Problem. The records that follow must be repeated exactly, minus the images.

Annotated photo localization data
● ● ●
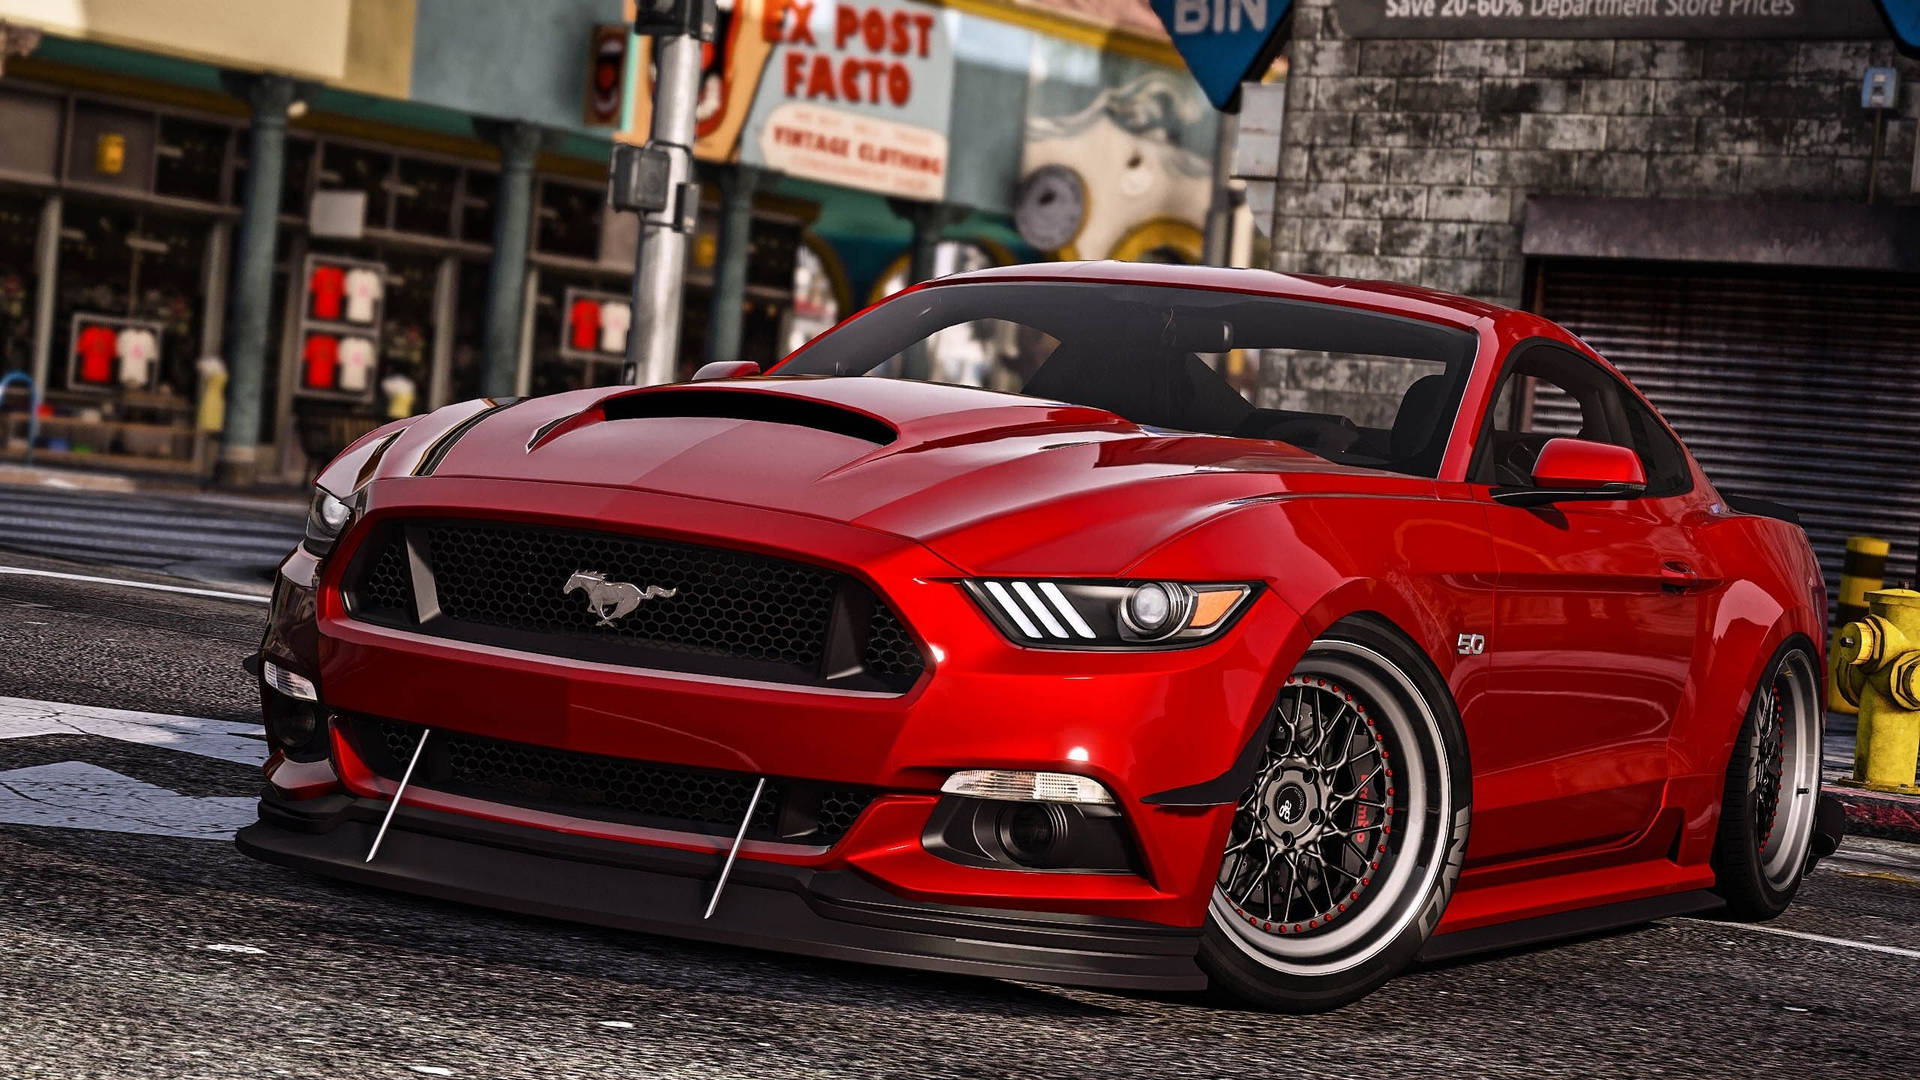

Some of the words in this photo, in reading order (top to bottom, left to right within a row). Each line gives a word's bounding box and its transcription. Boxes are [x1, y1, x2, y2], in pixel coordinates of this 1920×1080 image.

[763, 0, 816, 46] EX
[835, 4, 935, 59] POST
[1174, 0, 1268, 34] BIN
[1385, 0, 1434, 17] Save
[1440, 0, 1523, 17] 20-60%
[1530, 0, 1657, 19] Department
[1664, 0, 1721, 16] Store
[1729, 0, 1795, 16] Prices
[784, 52, 911, 107] FACTO
[773, 125, 850, 159] VINTAGE
[857, 142, 943, 176] CLOTHING
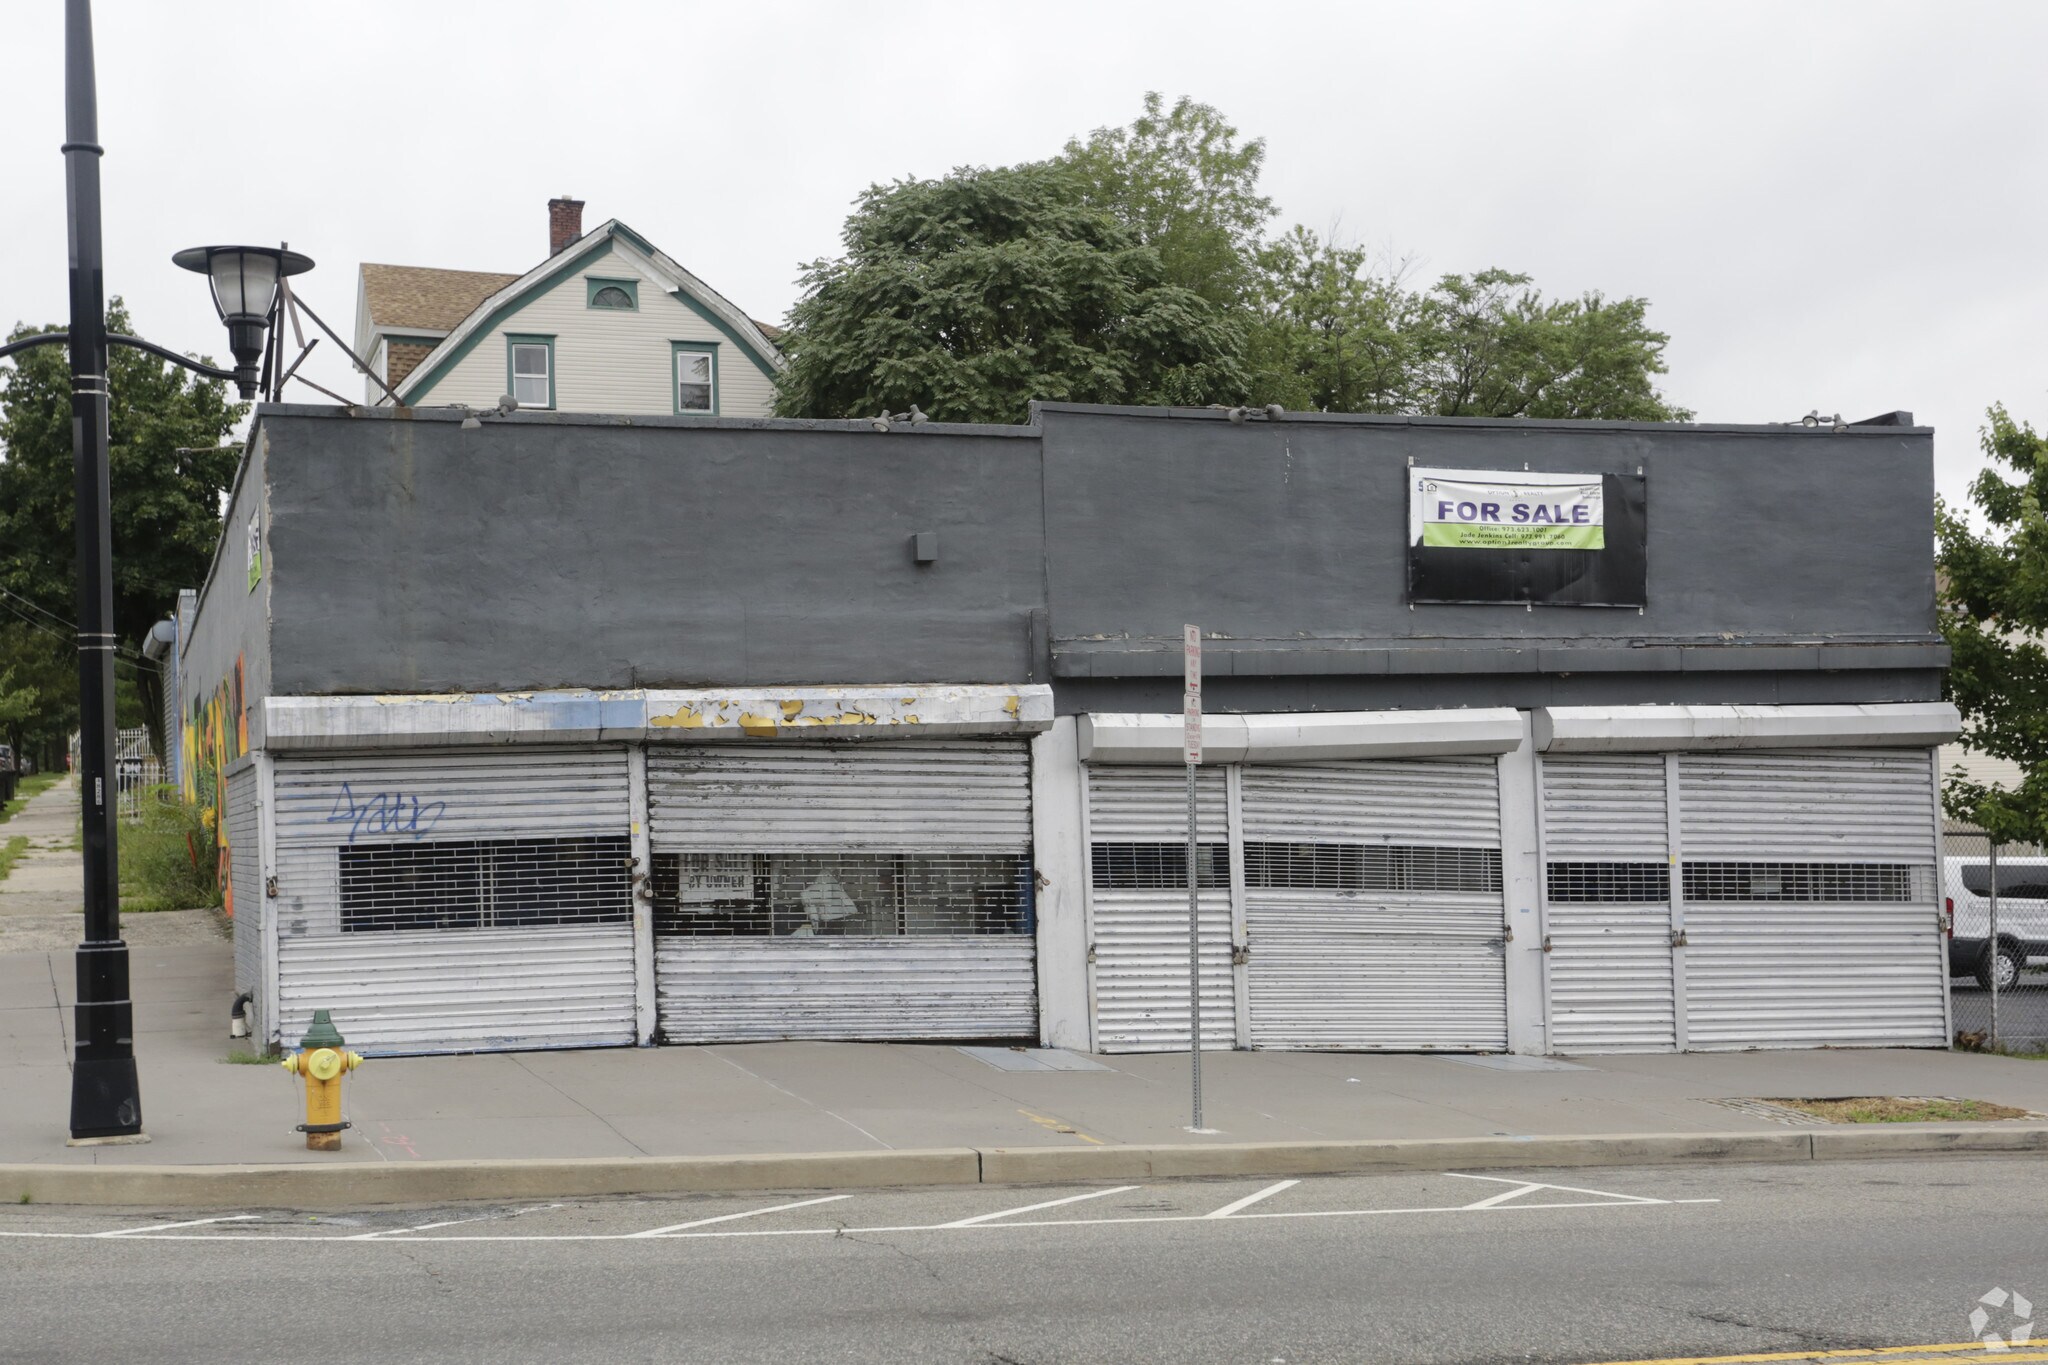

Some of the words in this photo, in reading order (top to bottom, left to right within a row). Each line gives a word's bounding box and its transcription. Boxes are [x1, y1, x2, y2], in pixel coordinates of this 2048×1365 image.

[1438, 501, 1501, 522] FOR
[1511, 504, 1590, 523] SALE
[706, 875, 745, 889] OWNER
● ● ●
Answer box.
Some of the words in this photo, in reading order (top to bottom, left to right within a row). Each line gives a word's bounding box and its transcription. Boxes are [x1, y1, x2, y2], in pixel coordinates of this 1920×1080 image.

[763, 0, 816, 46] EX
[835, 4, 935, 59] POST
[1174, 0, 1268, 34] BIN
[1385, 0, 1434, 17] Save
[1440, 0, 1523, 17] 20-60%
[1530, 0, 1657, 19] Department
[1664, 0, 1721, 16] Store
[1729, 0, 1795, 16] Prices
[784, 52, 911, 107] FACTO
[773, 125, 850, 159] VINTAGE
[857, 142, 943, 176] CLOTHING

Some of the words in this photo, in reading order (top to bottom, left to right within a row). Each line gives a word's bounding box and its transcription. Boxes are [x1, y1, x2, y2], in pixel coordinates of this 2048×1365 image.

[1438, 501, 1501, 522] FOR
[1511, 504, 1590, 523] SALE
[706, 875, 745, 889] OWNER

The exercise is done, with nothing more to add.